__What to produce__
Copy out the entries that follow, exactly as written.

─── Exercise input ───

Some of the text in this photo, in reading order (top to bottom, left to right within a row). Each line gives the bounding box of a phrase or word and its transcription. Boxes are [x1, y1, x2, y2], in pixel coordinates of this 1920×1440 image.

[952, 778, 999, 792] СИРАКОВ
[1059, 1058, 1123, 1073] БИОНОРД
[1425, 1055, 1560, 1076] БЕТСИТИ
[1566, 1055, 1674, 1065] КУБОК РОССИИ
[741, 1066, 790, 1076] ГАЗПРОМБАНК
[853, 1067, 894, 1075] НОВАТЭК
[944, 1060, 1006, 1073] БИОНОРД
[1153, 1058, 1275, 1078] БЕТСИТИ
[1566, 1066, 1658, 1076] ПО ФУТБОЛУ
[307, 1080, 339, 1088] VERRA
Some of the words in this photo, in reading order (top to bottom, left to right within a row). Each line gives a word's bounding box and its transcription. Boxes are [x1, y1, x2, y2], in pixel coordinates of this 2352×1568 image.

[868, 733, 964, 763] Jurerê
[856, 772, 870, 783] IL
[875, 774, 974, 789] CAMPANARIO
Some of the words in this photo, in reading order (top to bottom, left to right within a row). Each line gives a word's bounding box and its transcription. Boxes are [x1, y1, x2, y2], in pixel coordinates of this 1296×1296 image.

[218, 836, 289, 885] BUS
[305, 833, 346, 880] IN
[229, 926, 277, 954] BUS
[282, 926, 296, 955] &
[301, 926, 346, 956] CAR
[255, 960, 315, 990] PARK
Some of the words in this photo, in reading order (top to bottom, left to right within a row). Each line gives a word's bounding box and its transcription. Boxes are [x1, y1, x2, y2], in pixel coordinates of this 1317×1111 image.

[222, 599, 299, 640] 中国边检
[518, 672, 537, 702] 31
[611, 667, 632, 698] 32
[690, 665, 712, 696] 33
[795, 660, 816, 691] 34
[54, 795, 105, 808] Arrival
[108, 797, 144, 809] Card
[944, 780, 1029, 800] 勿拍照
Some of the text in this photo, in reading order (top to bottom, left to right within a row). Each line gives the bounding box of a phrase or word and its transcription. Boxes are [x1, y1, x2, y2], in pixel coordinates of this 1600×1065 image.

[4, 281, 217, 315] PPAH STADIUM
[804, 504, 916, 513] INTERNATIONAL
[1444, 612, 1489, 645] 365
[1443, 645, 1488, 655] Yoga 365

───

__Output__
Some of the text in this photo, in reading order (top to bottom, left to right within a row). Each line gives the bounding box of a phrase or word and its transcription. Boxes are [x1, y1, x2, y2], in pixel coordinates of this 1920×1440 image.

[952, 778, 999, 792] СИРАКОВ
[1059, 1058, 1123, 1073] БИОНОРД
[1425, 1055, 1560, 1076] БЕТСИТИ
[1566, 1055, 1674, 1065] КУБОК РОССИИ
[741, 1066, 790, 1076] ГАЗПРОМБАНК
[853, 1067, 894, 1075] НОВАТЭК
[944, 1060, 1006, 1073] БИОНОРД
[1153, 1058, 1275, 1078] БЕТСИТИ
[1566, 1066, 1658, 1076] ПО ФУТБОЛУ
[307, 1080, 339, 1088] VERRA
Some of the words in this photo, in reading order (top to bottom, left to right within a row). Each line gives a word's bounding box and its transcription. Boxes are [x1, y1, x2, y2], in pixel coordinates of this 2352×1568 image.

[868, 733, 964, 763] Jurerê
[856, 772, 870, 783] IL
[875, 774, 974, 789] CAMPANARIO
Some of the words in this photo, in reading order (top to bottom, left to right within a row). Each line gives a word's bounding box and its transcription. Boxes are [x1, y1, x2, y2], in pixel coordinates of this 1296×1296 image.

[218, 836, 289, 885] BUS
[305, 833, 346, 880] IN
[229, 926, 277, 954] BUS
[282, 926, 296, 955] &
[301, 926, 346, 956] CAR
[255, 960, 315, 990] PARK
Some of the words in this photo, in reading order (top to bottom, left to right within a row). Each line gives a word's bounding box and its transcription. Boxes are [x1, y1, x2, y2], in pixel coordinates of this 1317×1111 image.

[222, 599, 299, 640] 中国边检
[518, 672, 537, 702] 31
[611, 667, 632, 698] 32
[690, 665, 712, 696] 33
[795, 660, 816, 691] 34
[54, 795, 105, 808] Arrival
[108, 797, 144, 809] Card
[944, 780, 1029, 800] 勿拍照
Some of the text in this photo, in reading order (top to bottom, left to right within a row). Each line gives the bounding box of a phrase or word and its transcription. Boxes are [x1, y1, x2, y2], in pixel coordinates of this 1600×1065 image.

[4, 281, 217, 315] PPAH STADIUM
[804, 504, 916, 513] INTERNATIONAL
[1444, 612, 1489, 645] 365
[1443, 645, 1488, 655] Yoga 365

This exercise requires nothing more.